This year I had been planning on going back to St Vincent, the place of my mothers birth for my usual summer visit. With the world going into lockdown, and St Vincent requiring two planes to get there even without Covid enforced regulations, this year it just wasn’t a possibility. Instead I joined the rest of the world by using video calls to connect with their loved ones across the world.

What follows is my takeaway from a conversation I had with my cousin, a 29 year old journalist from Georgetown, a fishing town on St Vincent’s Atlantic coast. In one rum fuelled conversation I was doing that typical child-of-the-diaspora thing of trying to prove just how much of a “native” I am. I claimed I was flying the Vincy flag this side of the pond because I was drinking rum and playing soca music. His response took me aback. “Allyuh think being west indian is nothing more than fete-ing and whining. Jus out there making the world think we just carry on so”. His remarks were completely made in jest and I by no means feel that my drunken indulgence that night means I have embarrassed the global Vincentian diaspora. But it did get me thinking about how many of my peers who are often two generations removed from their homeland have had to carve out an identity for themselves, and the pitfalls therein.
Having been born and raised in South London, I’ve had a quintessentially Black British upbringing. From sending funky house tunes via bluetooth to each other on our lunch breaks, to buying a 5 day pass to chirps a sweet one you’ve got your eye on; there wasn’t much about my formative years that was particularly remarkable.

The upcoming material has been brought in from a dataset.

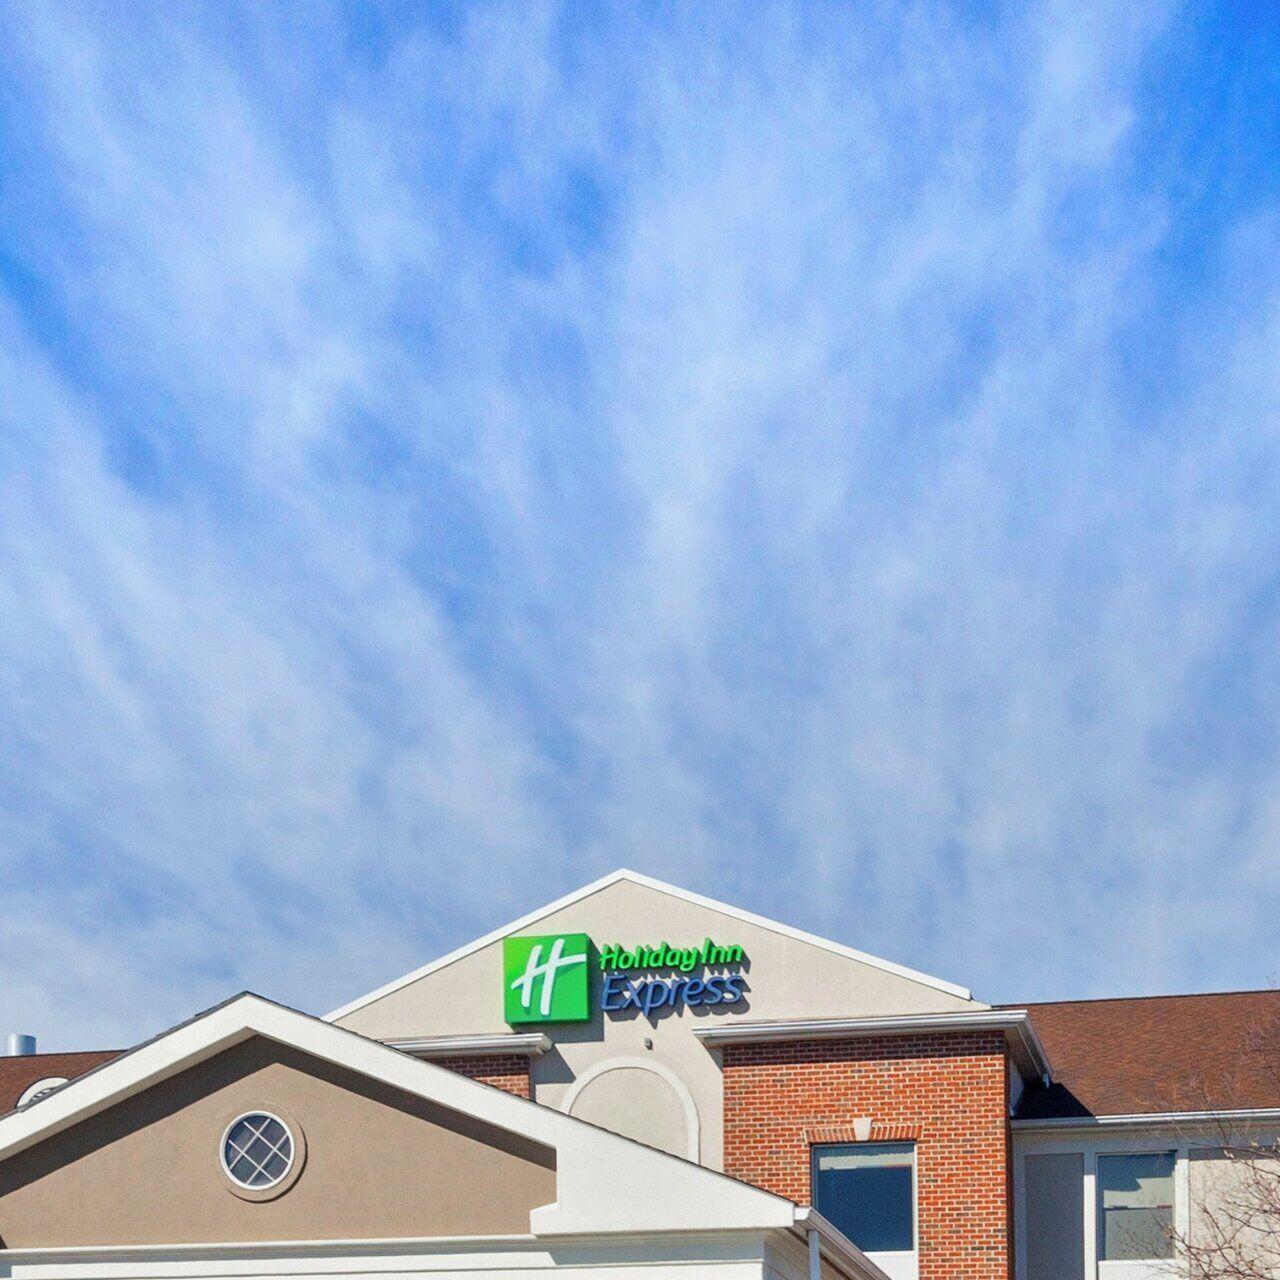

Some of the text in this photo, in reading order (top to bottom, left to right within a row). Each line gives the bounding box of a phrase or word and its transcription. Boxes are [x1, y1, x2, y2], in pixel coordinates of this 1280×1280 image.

There was one thing that was unique though. Unlike most of my peers I was lucky enough to go “home” quite often. In addition, my mother was born and raised back home, arriving in the UK a whole generation after the Windrush. Thus my connection to the island was far more direct than me peers who were mostly 2nd generation immigrants. She’d always remind me that St Vincent was my “home” and Britain was merely an accident of my birth (I’ve come to somewhat move from that position as I’ve literally lived and grown here my whole life, but this was my thinking at the time).
Every time I’d go to St Vincent I’d yearn for that unrivalled feeling of safety and security you search for as a teen (I was born in Denmark Hill and brought up in Peckham pre-gentrification, the pressure was nuts). And In Vincy I was allowed to fully be myself. I could let loose in a way that might have been described as “moist” back on ends. As such it was these aspects of my Vincentian culture I clung on to the most. The dances, the carnival, the rum drinking, it all made me feel a part of something I had no access to at home.
Given that British West Indians have been here for over 70 years now, we have been able to replicate aspects of our culture in this country, especially those aspects that provide us with a release from the never relenting pressure of being Black in the UK. Pre Covid there wouldn’t be a weekend that would pass without there being a soca fete or a bashment (please people it’s a party, not a genre) somewhere in London, Birmingham, Manchester or Bristol. While this is great and important, I’ve noticed a worrying trend of British born West Indian proudly proclaiming their culture but being able to speak on very little but whining, partying and drinking. What our parents would call “slackness”. Having spent many months in St Vincent, I knew about the richness of its history and culture, and that our releases and pastimes were exactly that, I never understood them to be the totality of what it was to be a West Indian.

I hope not to sound condescending, as that is not my intention at all. I’m not above a good lime with some strong rum and once the outside opens you’ll 100% see me carrying on with all manner of slackness. I make the aforementioned point to say this. There is no one way to be a west Indian. There is a growing trend among our music scenes (Soca, Dancehall, Kompa) to assert that to indulge in the behaviours that these scenes encourage is to be truly West Indian. As if suggested that to be introverted, shy or even frigid is to have taken on the behaviours of the British.
Without digging to deeply into the fact that the Caribbean is a deeply conservative region, where the more shy and retiring among us might actually find it easier to navigate day to day life than those who’d be considered “fasss”; the more fundamental point is that no one can, or should have the right to gatekeep culture. Being a member of a diasporic community you can often feel a pressure to perform your culture. And in that identity vacuum we can look to those who we believe exemplify what it is to be a “native” to somewhat guide us in how to be an “authentic” member of our cultural community.
This is wrong. Your connection to your homeland isn’t based on what kind of behaviours you keep up with, or even what type of music or food you like. Being born in the diaspora means that while your experience will be very different (see:privileged) in comparison to those at home, you get the opportunity to craft out what your Vincentian, Jamaican, Ghanaian or Pakistani identity looks like. Sure it might be unrecognisable to many, but it isn’t any less authentic.